鎌倉市子どものびのび条例制定にむけて

2月25日の教育こどもみらい常任委員会では、議案83号「子どもがのびのびと自分らしく育つまち鎌倉」について審査されました。

 

約2年という時間をかけ、この条例づくりが行われてきました。

昨年12月議会ではパブコメ報告が間に合わなかったため、1月31日に常任委員会を開催し、パブコメを取りまとめた報告を受けました。76件中、全般については28件、子どもの権利について17件の意見が寄せられ、他にも責務・役割などについても批判的な意見が多くありました。この条例は子どもの総合支援を趣旨としていて、前文には「児童の権利に関する条例」の考えにのっとって、ひとりの人間として尊重されなければならないことを規定していますが、条文の中には、子どもたちが権利の主体である事や、権利が保障されていることは書かれていません。あくまでも、子どもたちは支援を受ける対象者で、受け身の立場です。

 

25日の委員会では、前文の説明の中で、

・権利の主体として尊重すること(生きる権利、育つ権利、守られる権利、参加する権利)

保護者の役割等の説明に

・「子どもの最善の利益」とは子どもが成長していく過程で、「その子どもにとって最もよいこと」を第一に考えること。

子どもが意見を言える機会の説明に

・子どもの自由な意見に困りごとを含む

などが付け加えられていましたが、保護者や子どもたちに寄り添った条文とは読み取れません。

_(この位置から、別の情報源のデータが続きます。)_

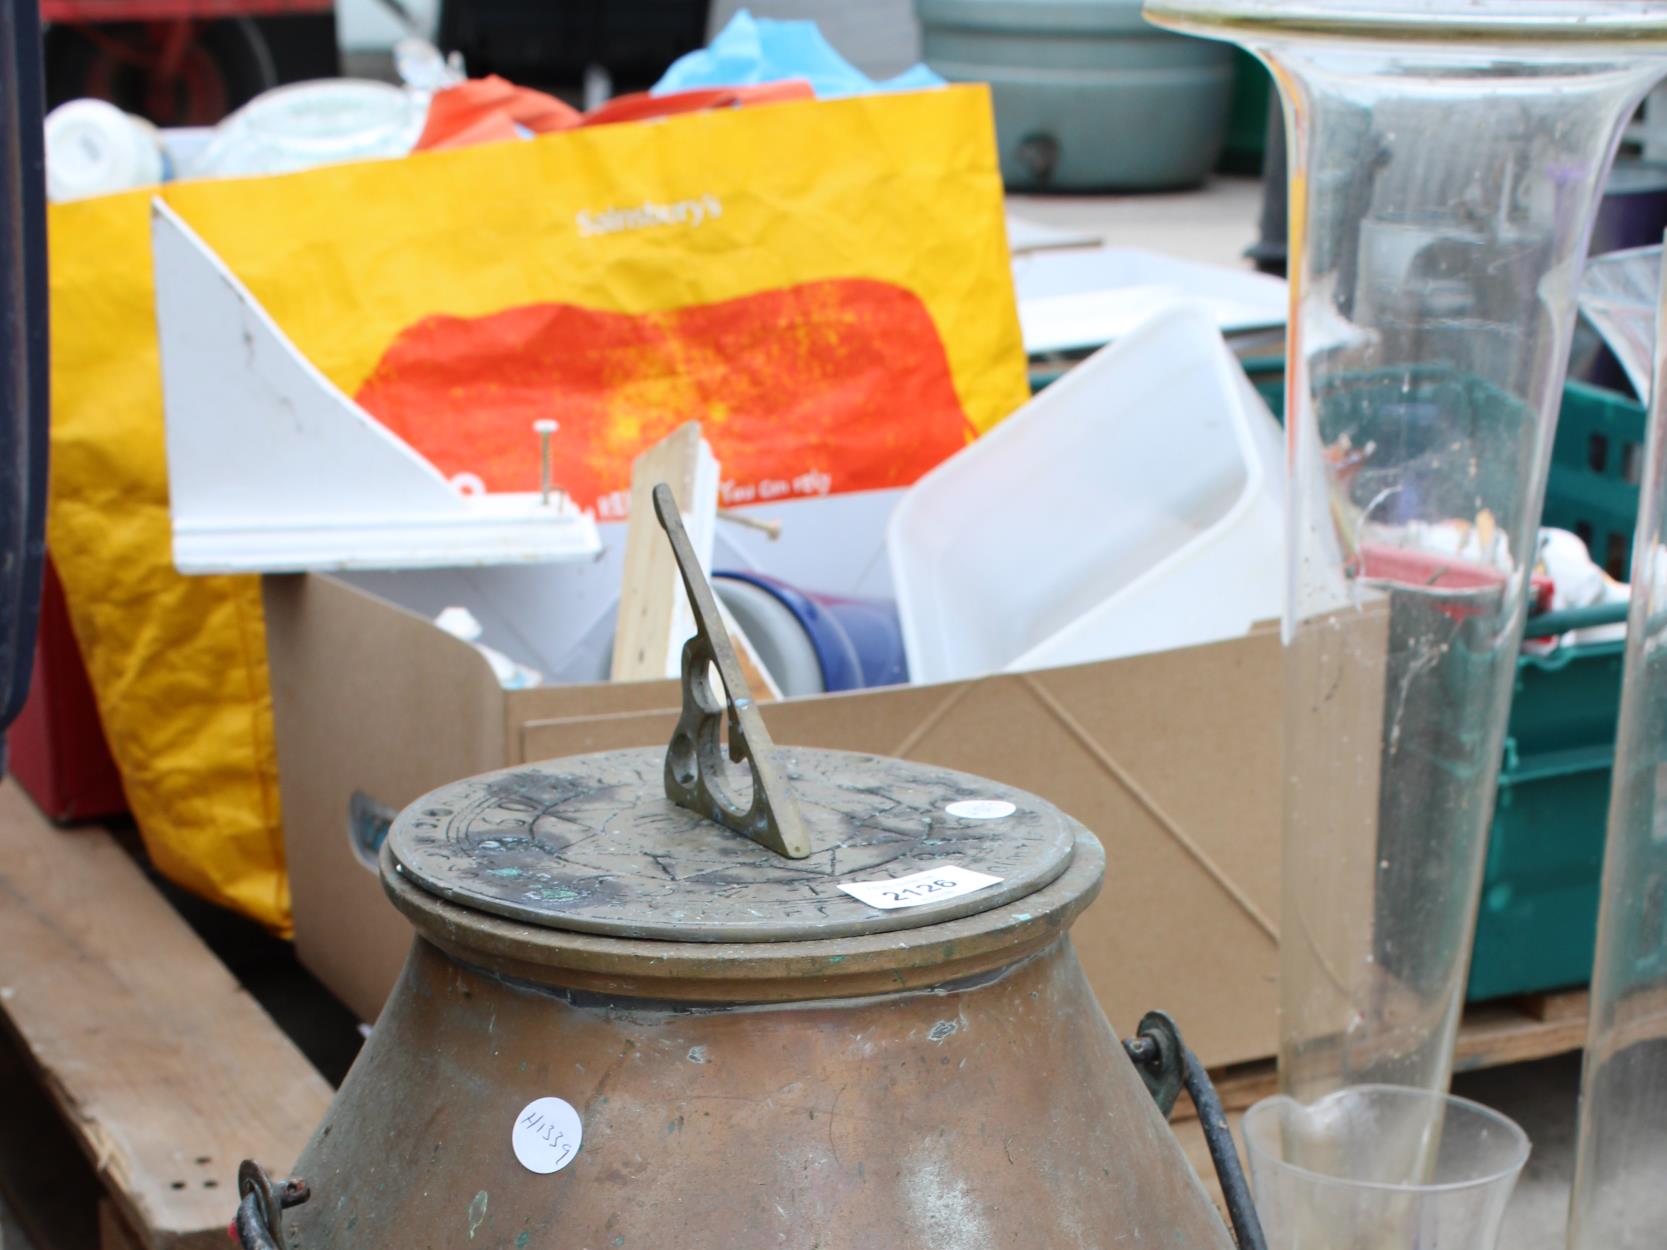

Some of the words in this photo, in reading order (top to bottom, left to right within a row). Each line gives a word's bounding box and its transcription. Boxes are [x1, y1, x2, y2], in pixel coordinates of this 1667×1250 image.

[576, 193, 722, 238] Sainsbury's
[882, 880, 957, 901] 2126
[520, 1111, 572, 1165] H1339

また、子どもへの意見聴取では、大人たちにより対象者が決定されています。一部の子どもの意見しか取り入れられていない事についても意見を述べました。鎌倉市の子ども議会は活発に行われていますが、市政の課題について意見を述べる場であって、子どもたちの純粋な意見や困り事などの声が、大人たちに伝えられていると思えません。意見表明権の保障がされていないのに、子どもたちに総合的支援を行うことができるのでしょうか。

教育こどもみらい常任委員会では、賛成2、反対3で否決され、3月4日の本会議にかかります。

 

川崎市が子どもの権利条約を制定した理由は

  • 子どもの権利条約は批准されたが、【人権・権利】という概念は生活の中で捉えられていない。「子どもの権利観」を共有する土台づくりが必要。
  • 子どもの権利を、子どもが実際に生活している地域社会で、子どもの目線に立って、現実社会の中で実現していく作業が自治体に求められている。
  • 市民参加の意義一市民を構成するパートナーとして子どもを位置付ける。

 

です。鎌倉市も、市長マニフェストのための条例制定を目指すのではなく、子どもたちのための条例として、もっと時間をかけて練り直していただきたいです。